Problem statement:
Copying rule for the data below: pictures stay out, and only the lines from the one with "this 1920×1080 image." down to the one with "this 2048×1152 image.", inclusive, are repeated exactly.

The data:

========================================

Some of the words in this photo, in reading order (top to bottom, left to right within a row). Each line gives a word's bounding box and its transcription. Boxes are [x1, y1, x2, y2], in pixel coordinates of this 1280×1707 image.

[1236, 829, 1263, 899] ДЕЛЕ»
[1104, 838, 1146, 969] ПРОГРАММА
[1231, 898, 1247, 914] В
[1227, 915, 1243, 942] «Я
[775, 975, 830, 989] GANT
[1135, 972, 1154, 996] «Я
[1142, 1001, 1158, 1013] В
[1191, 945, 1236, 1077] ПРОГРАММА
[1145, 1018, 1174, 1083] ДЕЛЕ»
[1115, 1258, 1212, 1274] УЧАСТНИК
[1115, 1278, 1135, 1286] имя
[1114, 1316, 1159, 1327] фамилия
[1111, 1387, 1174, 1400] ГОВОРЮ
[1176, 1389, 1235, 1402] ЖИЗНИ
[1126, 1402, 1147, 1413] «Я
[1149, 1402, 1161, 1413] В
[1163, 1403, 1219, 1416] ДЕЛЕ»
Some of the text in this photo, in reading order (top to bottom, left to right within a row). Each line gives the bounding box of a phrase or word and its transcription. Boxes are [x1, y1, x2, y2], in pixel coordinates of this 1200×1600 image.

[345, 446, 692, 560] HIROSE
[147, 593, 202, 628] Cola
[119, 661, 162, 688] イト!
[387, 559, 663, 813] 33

========================================

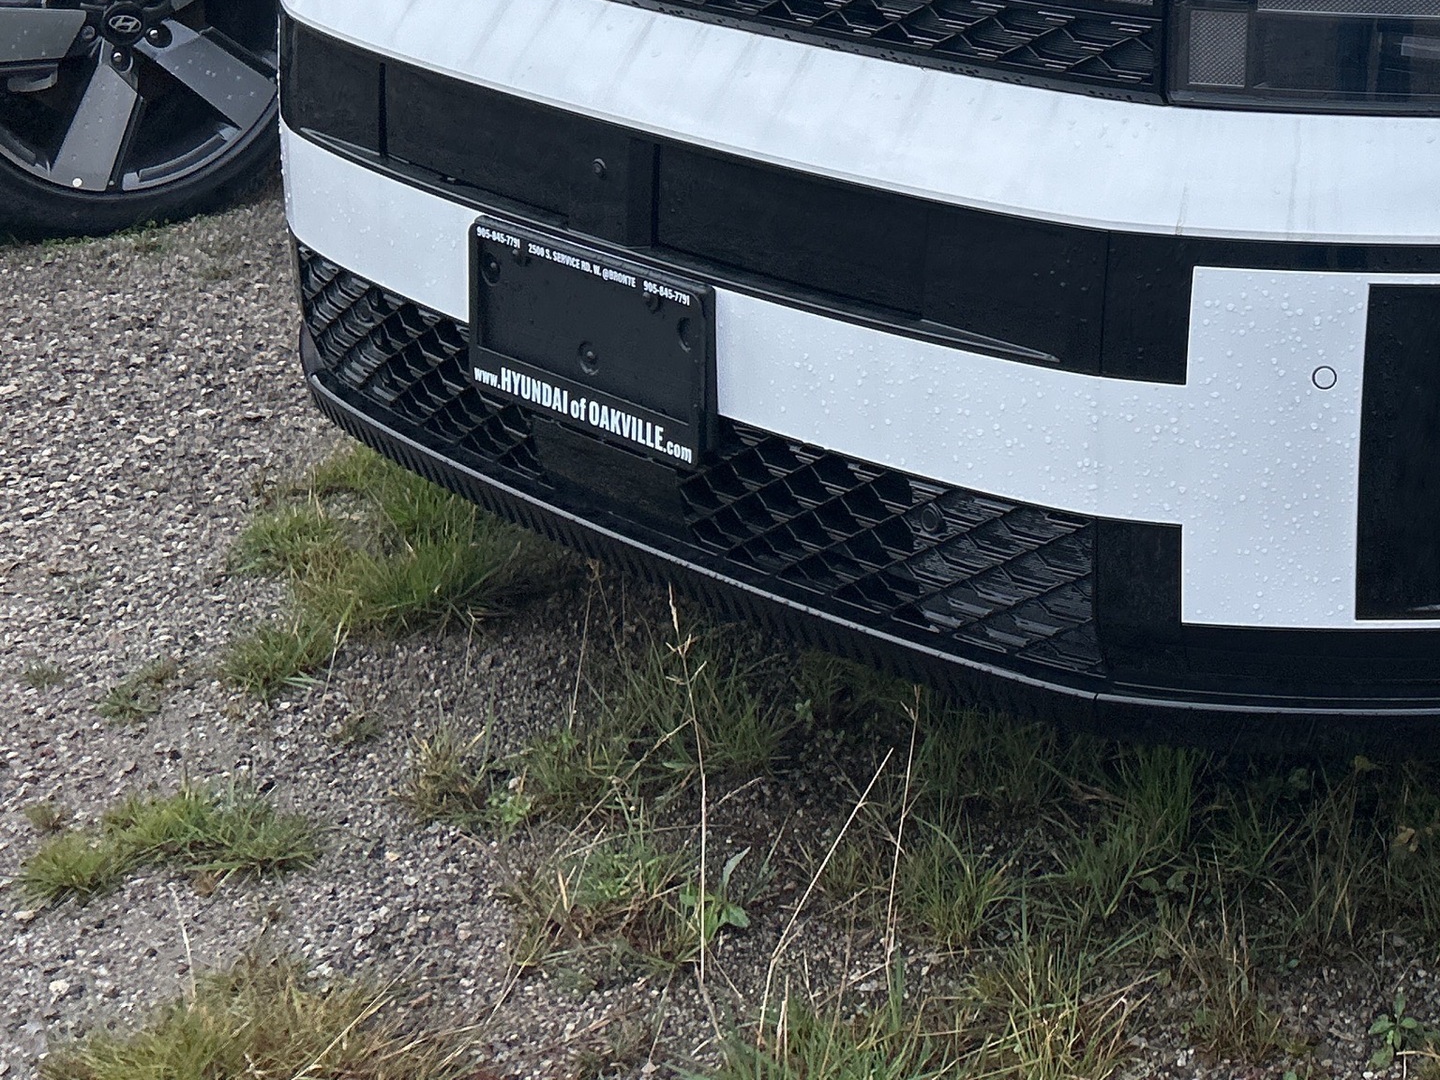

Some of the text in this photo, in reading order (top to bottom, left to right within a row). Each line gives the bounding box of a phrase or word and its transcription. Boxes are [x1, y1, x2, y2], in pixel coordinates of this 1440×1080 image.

========================================

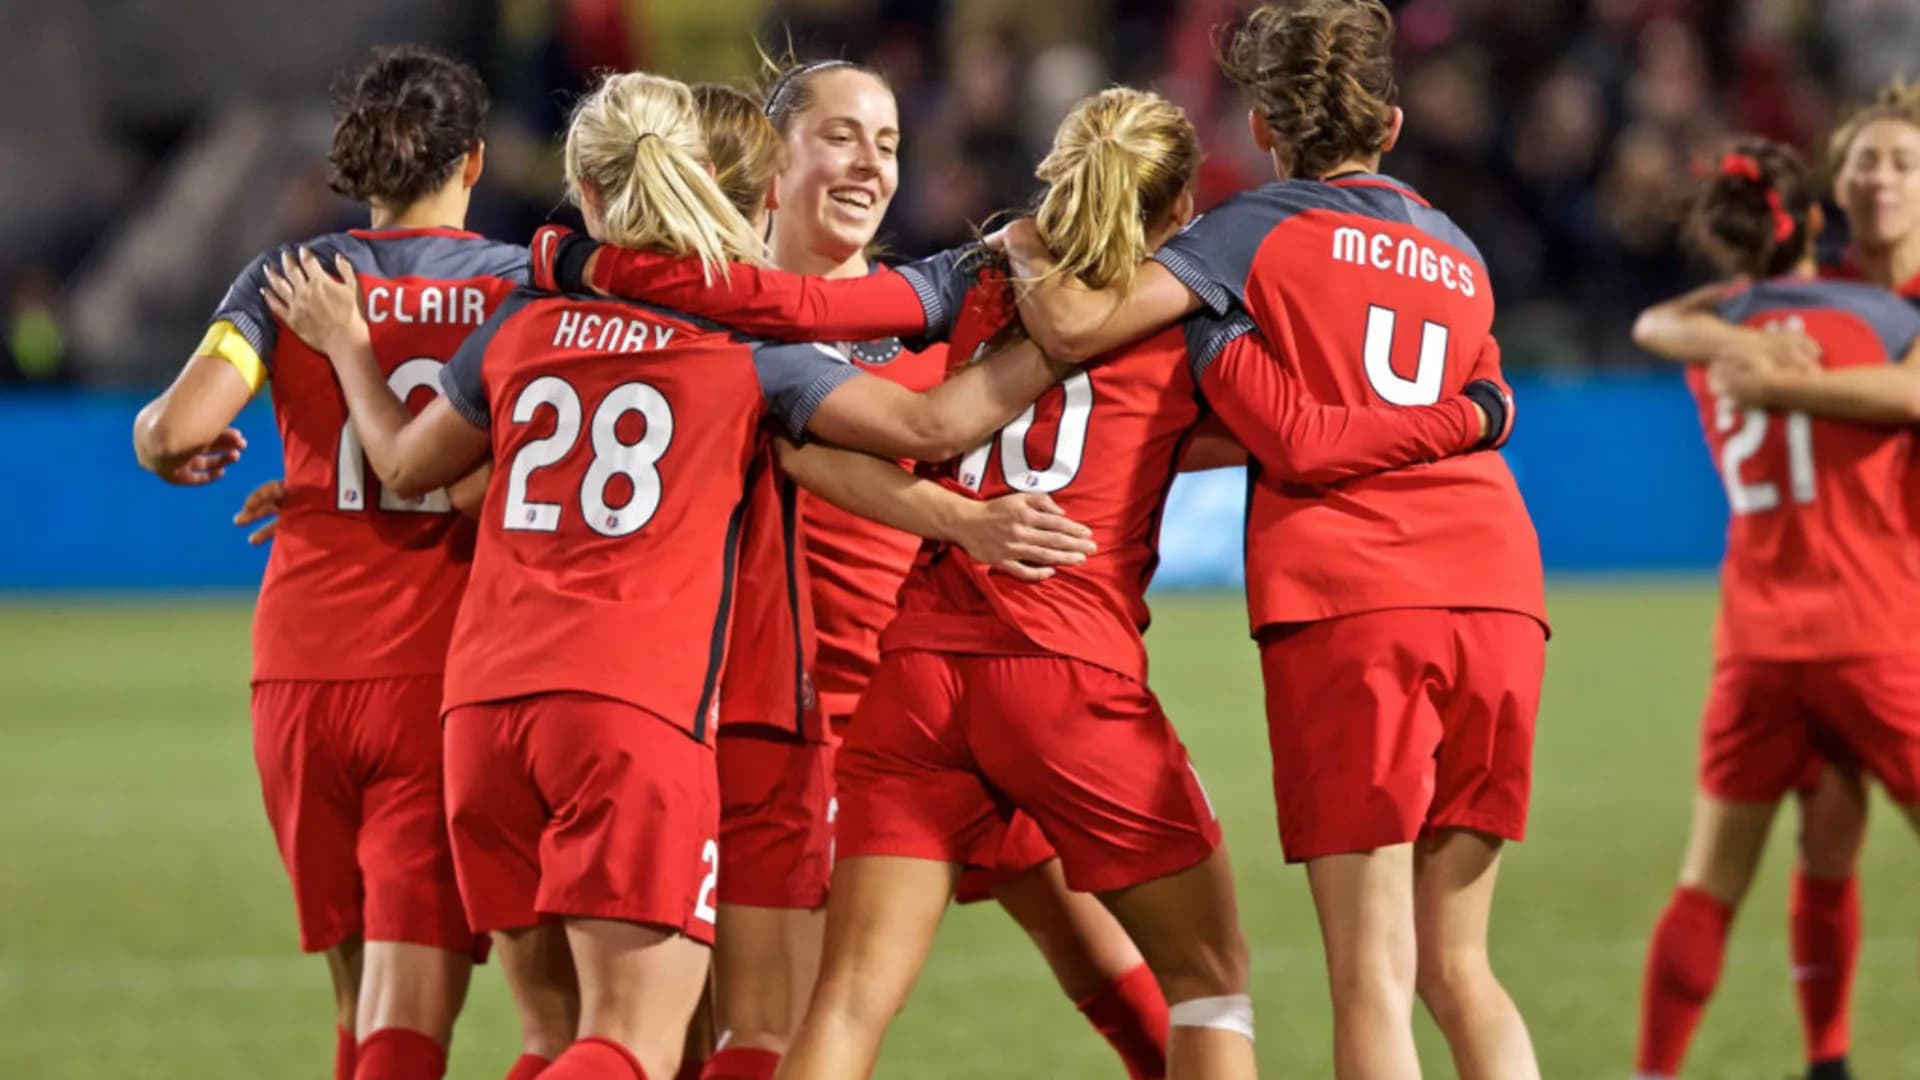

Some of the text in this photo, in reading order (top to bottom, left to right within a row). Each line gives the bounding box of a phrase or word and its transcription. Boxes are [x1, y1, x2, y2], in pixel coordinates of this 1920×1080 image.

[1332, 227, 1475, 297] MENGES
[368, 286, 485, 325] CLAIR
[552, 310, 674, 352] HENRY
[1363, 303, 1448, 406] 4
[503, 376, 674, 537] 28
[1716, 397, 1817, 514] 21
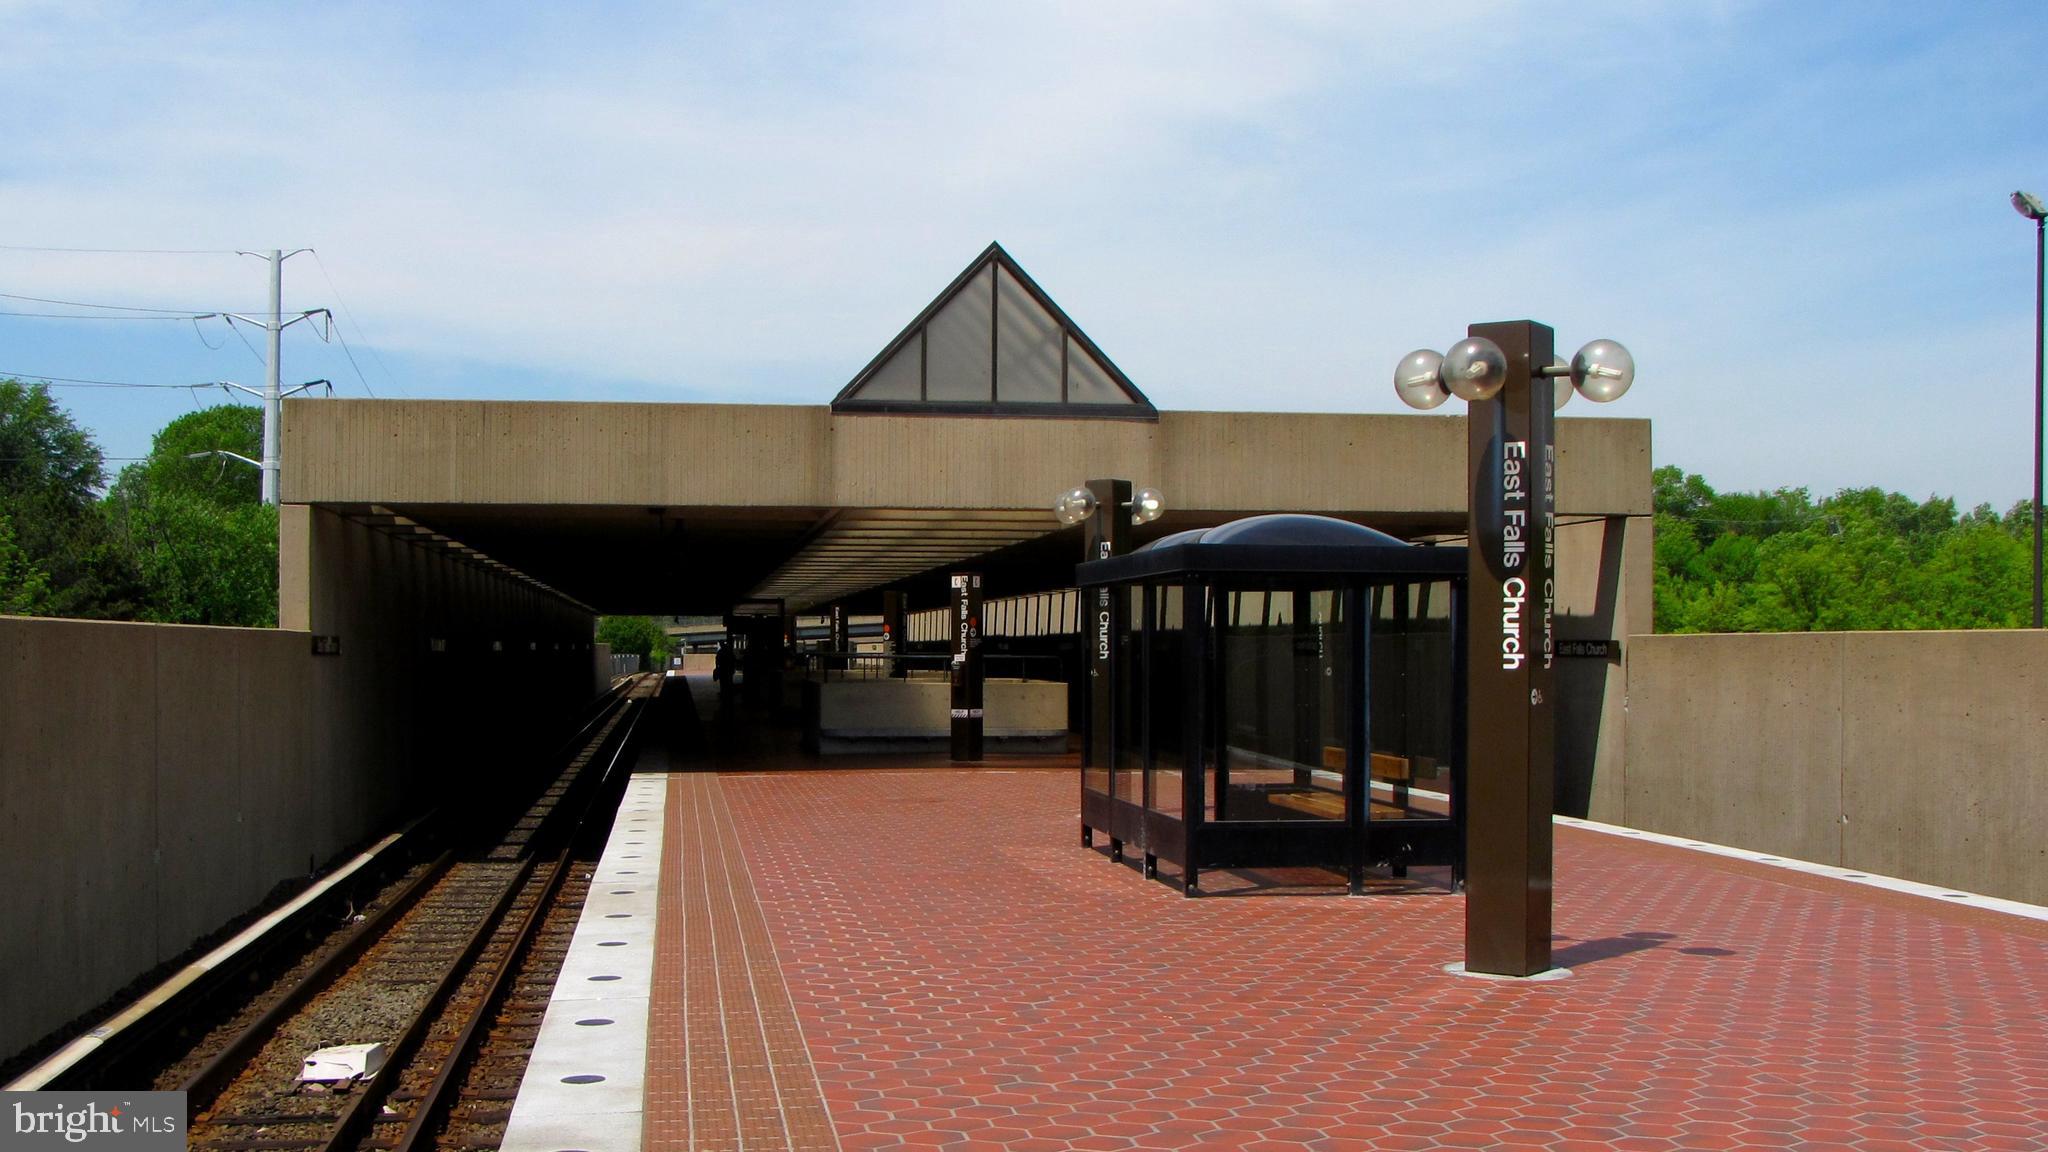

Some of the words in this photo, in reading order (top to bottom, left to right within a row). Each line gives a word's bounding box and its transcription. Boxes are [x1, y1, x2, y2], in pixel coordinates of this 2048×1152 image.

========================================

Answer below:
Some of the text in this photo, in reading order (top to bottom, left to right within a row). Each line gives the bounding box of a phrase or word and its transcription. Boxes are [x1, y1, x2, y2], in pixel coordinates of this 1920×1080 image.

[1332, 227, 1475, 297] MENGES
[368, 286, 485, 325] CLAIR
[552, 310, 674, 352] HENRY
[1363, 303, 1448, 406] 4
[503, 376, 674, 537] 28
[1716, 397, 1817, 514] 21

Some of the words in this photo, in reading order (top to bottom, left to right within a row). Each line gives a word's bounding box and its transcription. Boxes are [x1, y1, x2, y2], in pixel coordinates of this 2048×1152 image.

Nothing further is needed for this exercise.